Quality Assurance Procedures

There are a number of quality assurance procedures which play an important role in obtaining accurate, reliable blood gas results for your patient. It is also an essential part of infection control. Let’s check out some of the considerations that are important for quality assurance.

All staff carrying out blood sampling procedures should have an understanding of blood vessel anatomy and physiology, as well as an awareness of the blood exposure and infection control risks of the procedure.

When taking an ELCBG, you should work in a quiet, clean, well-lit area. The patient should be seated in a chair with arms, and the space around the chair should be clear just in case the patient experiences an episode of syncope.

Test protocols, or Standard operating procedures (SOPs) are required for earlobe capillary blood gas measurements. These protocols should be available to every individual performing ELCBG tests on patients.

As with all diagnostic tests performed on our patients, we should always check we have the correct sat in front of us before starting the test, and we have a system for inputting the patient’s details into the device with little room for human error (using a barcode, for example).
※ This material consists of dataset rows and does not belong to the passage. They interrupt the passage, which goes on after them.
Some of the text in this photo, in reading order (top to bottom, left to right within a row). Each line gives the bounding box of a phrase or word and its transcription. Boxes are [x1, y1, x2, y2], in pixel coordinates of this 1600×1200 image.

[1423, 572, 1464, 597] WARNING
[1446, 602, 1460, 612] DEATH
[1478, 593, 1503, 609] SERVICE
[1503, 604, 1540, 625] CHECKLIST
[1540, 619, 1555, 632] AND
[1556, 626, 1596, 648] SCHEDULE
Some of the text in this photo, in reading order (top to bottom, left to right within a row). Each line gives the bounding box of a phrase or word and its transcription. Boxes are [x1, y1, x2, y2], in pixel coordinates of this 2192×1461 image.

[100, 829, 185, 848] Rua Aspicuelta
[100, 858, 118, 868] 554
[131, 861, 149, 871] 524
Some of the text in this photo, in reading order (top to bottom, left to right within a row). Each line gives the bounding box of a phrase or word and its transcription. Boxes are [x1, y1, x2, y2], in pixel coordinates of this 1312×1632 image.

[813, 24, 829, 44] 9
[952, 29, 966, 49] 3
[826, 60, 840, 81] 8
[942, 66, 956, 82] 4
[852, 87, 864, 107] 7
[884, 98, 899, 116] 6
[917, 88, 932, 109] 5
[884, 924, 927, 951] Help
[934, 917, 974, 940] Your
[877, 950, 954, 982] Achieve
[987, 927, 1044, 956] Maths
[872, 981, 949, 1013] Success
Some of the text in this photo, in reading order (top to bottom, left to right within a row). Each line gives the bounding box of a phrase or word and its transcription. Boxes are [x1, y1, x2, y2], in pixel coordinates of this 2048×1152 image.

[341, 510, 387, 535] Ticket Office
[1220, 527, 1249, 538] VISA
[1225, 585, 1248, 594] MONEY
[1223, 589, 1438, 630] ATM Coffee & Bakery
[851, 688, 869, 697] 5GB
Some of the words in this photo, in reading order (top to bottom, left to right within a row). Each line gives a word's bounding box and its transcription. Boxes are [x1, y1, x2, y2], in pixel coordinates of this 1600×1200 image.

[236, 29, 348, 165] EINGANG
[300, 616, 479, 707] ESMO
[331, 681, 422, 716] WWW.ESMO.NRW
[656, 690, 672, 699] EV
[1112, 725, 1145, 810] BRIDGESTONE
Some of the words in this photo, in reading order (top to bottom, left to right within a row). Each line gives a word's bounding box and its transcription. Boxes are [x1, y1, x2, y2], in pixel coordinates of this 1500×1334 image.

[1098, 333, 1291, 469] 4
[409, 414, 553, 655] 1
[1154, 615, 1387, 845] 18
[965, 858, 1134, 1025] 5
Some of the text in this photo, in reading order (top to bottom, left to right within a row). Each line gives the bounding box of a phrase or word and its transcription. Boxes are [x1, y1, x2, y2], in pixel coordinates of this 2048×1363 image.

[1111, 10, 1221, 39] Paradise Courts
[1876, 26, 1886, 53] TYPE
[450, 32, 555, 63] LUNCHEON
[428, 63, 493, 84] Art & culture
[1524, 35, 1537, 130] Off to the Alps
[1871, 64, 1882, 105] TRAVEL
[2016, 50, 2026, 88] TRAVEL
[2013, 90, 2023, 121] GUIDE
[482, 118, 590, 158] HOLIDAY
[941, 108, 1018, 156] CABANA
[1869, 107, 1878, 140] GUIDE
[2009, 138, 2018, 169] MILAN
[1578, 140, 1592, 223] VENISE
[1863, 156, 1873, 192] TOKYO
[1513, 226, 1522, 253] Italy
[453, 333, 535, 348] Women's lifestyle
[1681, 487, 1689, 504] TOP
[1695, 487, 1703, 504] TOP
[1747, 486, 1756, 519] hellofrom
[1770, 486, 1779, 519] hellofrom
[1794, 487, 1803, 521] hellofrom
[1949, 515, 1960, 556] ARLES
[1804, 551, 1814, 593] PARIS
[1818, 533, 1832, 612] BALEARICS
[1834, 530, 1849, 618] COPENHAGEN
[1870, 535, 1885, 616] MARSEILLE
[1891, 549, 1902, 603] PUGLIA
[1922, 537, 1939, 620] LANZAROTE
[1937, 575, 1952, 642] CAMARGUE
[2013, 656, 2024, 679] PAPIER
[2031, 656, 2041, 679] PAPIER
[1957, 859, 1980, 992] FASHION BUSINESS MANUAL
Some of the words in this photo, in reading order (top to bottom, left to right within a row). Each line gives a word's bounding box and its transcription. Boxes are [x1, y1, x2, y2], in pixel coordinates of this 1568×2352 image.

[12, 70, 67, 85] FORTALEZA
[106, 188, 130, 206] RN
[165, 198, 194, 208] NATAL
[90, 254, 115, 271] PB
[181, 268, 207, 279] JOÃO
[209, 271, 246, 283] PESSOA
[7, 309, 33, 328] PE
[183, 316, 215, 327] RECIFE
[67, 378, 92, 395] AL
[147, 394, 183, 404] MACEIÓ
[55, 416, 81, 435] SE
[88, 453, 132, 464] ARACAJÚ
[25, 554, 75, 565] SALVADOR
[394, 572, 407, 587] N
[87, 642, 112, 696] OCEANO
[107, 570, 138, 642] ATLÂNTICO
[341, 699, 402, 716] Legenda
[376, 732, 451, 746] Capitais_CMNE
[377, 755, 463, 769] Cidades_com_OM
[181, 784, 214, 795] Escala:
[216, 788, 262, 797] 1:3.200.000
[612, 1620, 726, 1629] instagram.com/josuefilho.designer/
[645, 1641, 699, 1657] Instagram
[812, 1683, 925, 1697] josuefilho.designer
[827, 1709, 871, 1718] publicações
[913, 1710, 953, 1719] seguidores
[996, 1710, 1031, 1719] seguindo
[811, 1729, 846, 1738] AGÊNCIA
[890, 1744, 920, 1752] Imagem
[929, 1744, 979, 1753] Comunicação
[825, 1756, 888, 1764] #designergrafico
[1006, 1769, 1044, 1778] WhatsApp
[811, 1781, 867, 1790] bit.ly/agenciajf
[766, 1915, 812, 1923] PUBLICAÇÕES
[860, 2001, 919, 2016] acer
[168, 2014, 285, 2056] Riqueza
For syringe samples, once the sample has been obtained expel any air bubbles and the first drop of blood into a tissue before capping the syringe. This helps stabilise the sample by minimising air contamination. It is important to mix the sample thoroughly. The best way to do this with a syringe is to roll the sample between both hands, gently inverting the syringe at the same time.

For capillary samples, once the sample has been obtained use a magnet to move the metal flea up and down the tube numerous times to aid thorough mixing. Continue to do this until the sample is analysed.

Samples are stable for approximately 20 minutes post collection as the blood continues to metabolise. Keep this mind if the sample requires transportation to another ward or laboratory. If there is a delay between sample collection and sample analysis, measures to prevent a blood clot by rolling the sample and inverting the syringe or capillary tube.

For the patient’s records, details of the procedure including informed consent, sample site and number of attempts made should be provided. Every blood gas result should include the following measurements:

  • pH
  • PaCO2
  • PaO2
  • HCO3
  • Base Excess
  • SaO2
  • SpO2 (measured using a pulse oximeter at the same time as the blood gas measurement)
  • FiO2

Each ELCBG service should have a method for reporting adverse events.